For the extremes, I see research using spaCy has a very strong interest in reproducibility and the impact of any security issues would likely be minimal on the whole simply due to the relatively few people likely to run into them.
On the other extreme, say some low-level dependency is somehow so compromised simply running the code will end up with the user ransomware'd after just-long-enough that this whole scenario is marginally plausible. Then say spaCy gets incorporated into some other project that goes up the chain a ways and ultimately ends up in LibreOffice. If all of these projects have pinned dependencies, there is now no way to quickly or reasonably create a safe LibreOffice update.

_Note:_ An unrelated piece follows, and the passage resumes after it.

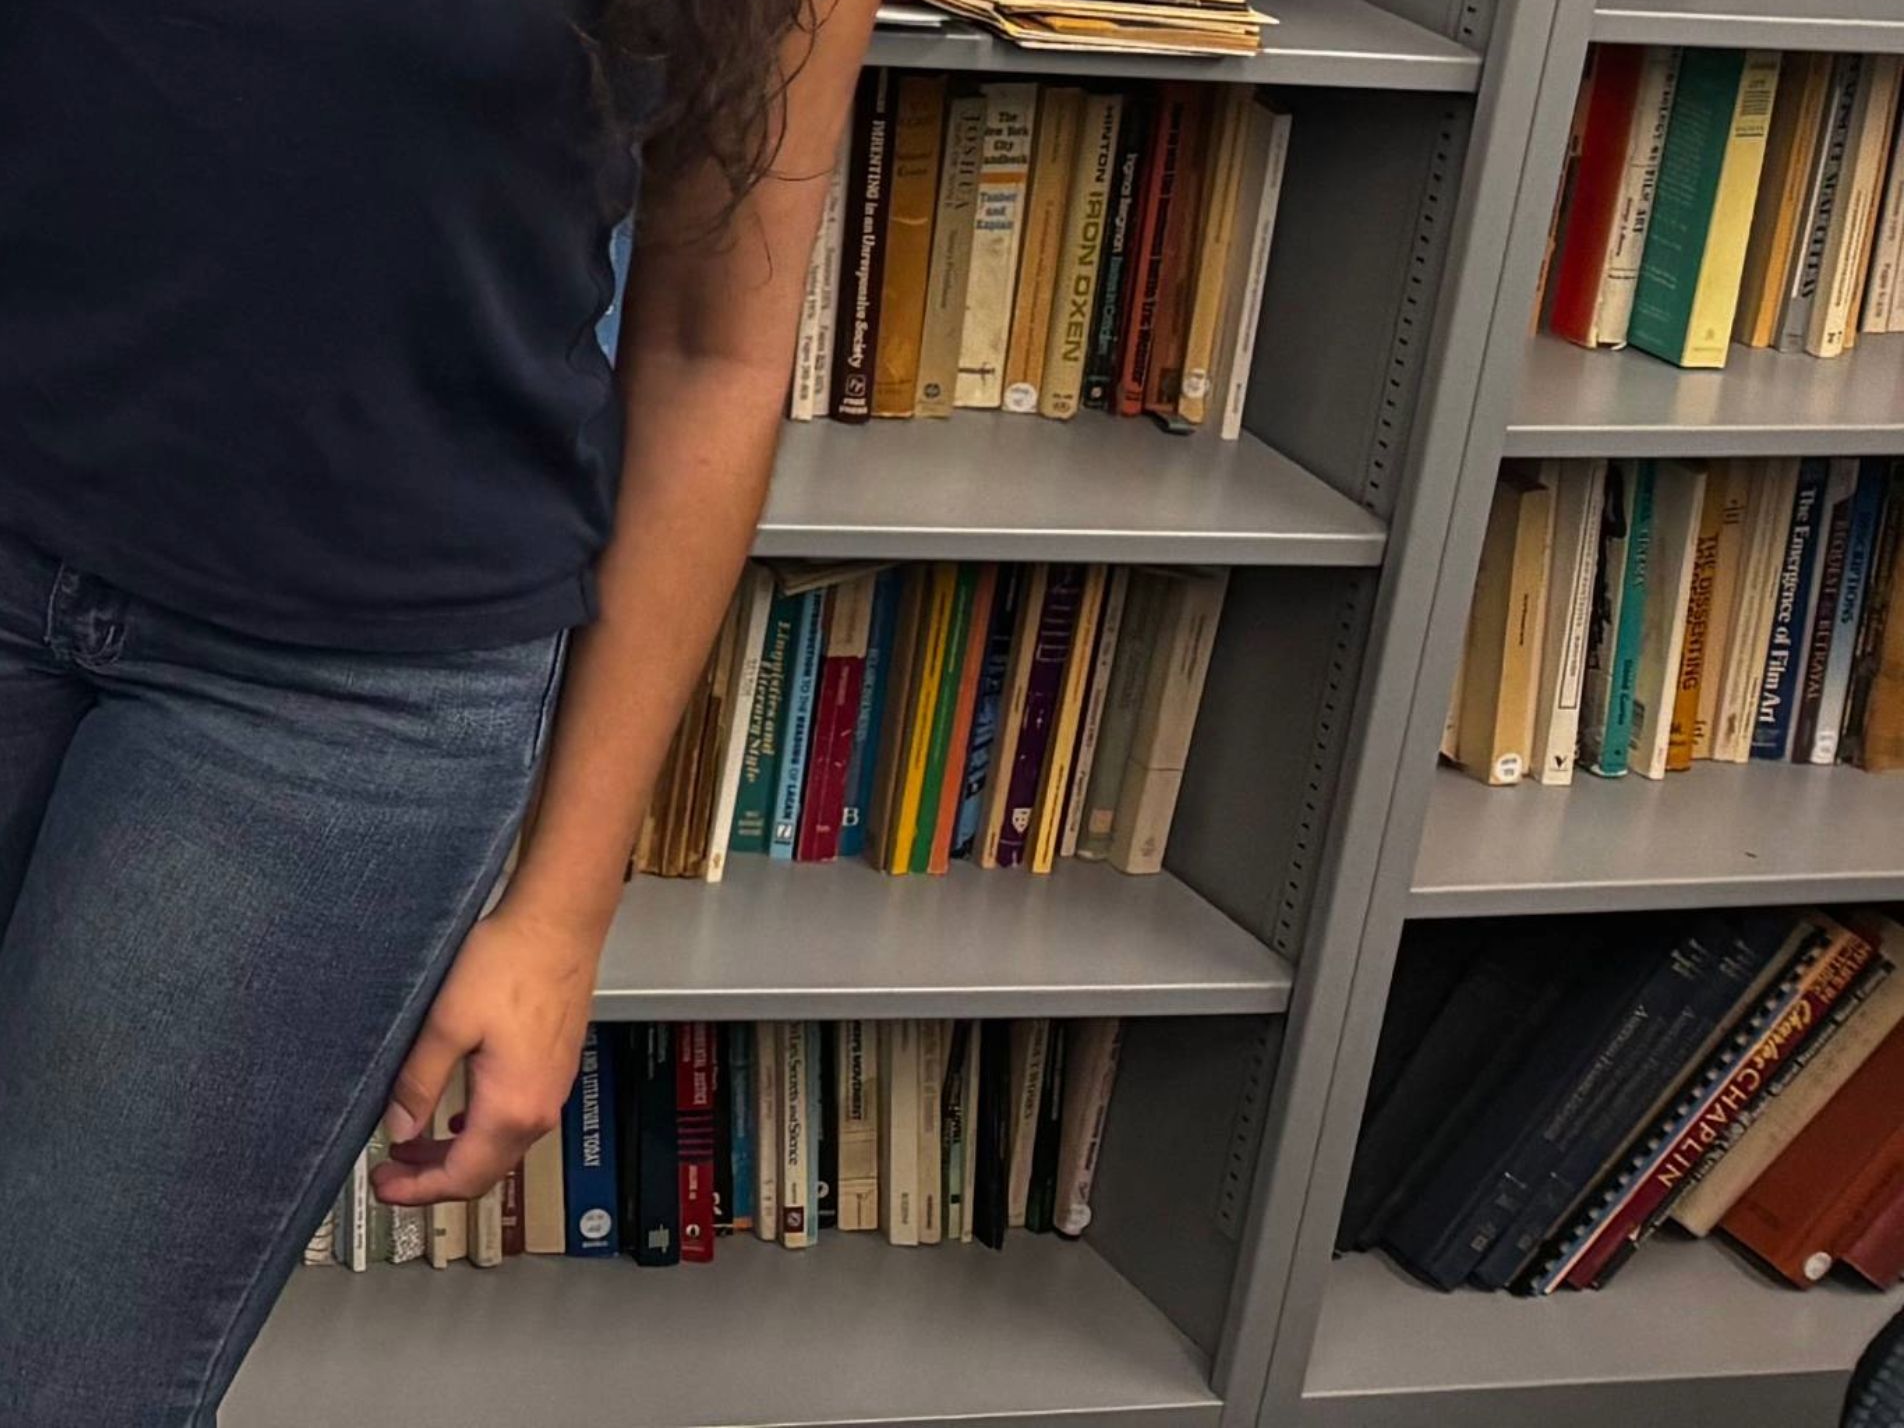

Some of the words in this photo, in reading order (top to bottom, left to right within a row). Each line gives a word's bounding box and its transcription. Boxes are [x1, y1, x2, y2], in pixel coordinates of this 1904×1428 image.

[1096, 106, 1115, 183] HINTON
[1078, 192, 1103, 266] IRON
[1062, 275, 1090, 362] OXEN
[1659, 1067, 1761, 1188] CHAPLIN

It would require a rather large number of people to sequentially update their dependencies, and publish the new version, so that the next project up the chain can do the same. LibreOffice would remain compromised or at best unavailable until the whole chain finished, or else somebody found a way to remove the offending dependency without breaking LibreOffice.
I'm not sure how to best reconcile these two competing interests. I think it seems clear that both are important. Even more than that, a particular library might sit on both extremes simultaneously depending on how it is used.
The only solution - though a totally unrealistic and terrible one - that comes to mind is to write all code such that all dependencies can be removed without additional work and all dependent features would be automatically disabled. With a standardized listing of these feature-dependency pairs you could even develop more fine-grained workarounds for removal of any feature from any dependency.
The sheer scale of possible configurations this would create is utterly horrifying.
At any rate, your utter rejection of the article's point seems excessively extreme and even ultimately user-hostile. I can understand your point of view, particularly given the library you develop, however I think you should probably give some more thought to indirect users - ie users of programs that (perhaps ultimately) use spaCy. I don't know that it makes sense to practically change how you do anything, but I don't think the other viewpoint is as utterly wrongheaded as you seem to think.
What would help a lot is if the requirements were specified outside of the actual artifact, as metadata. Then the requirements metadata could be updated separately.
There's a very simple solution here: just don't write bugs.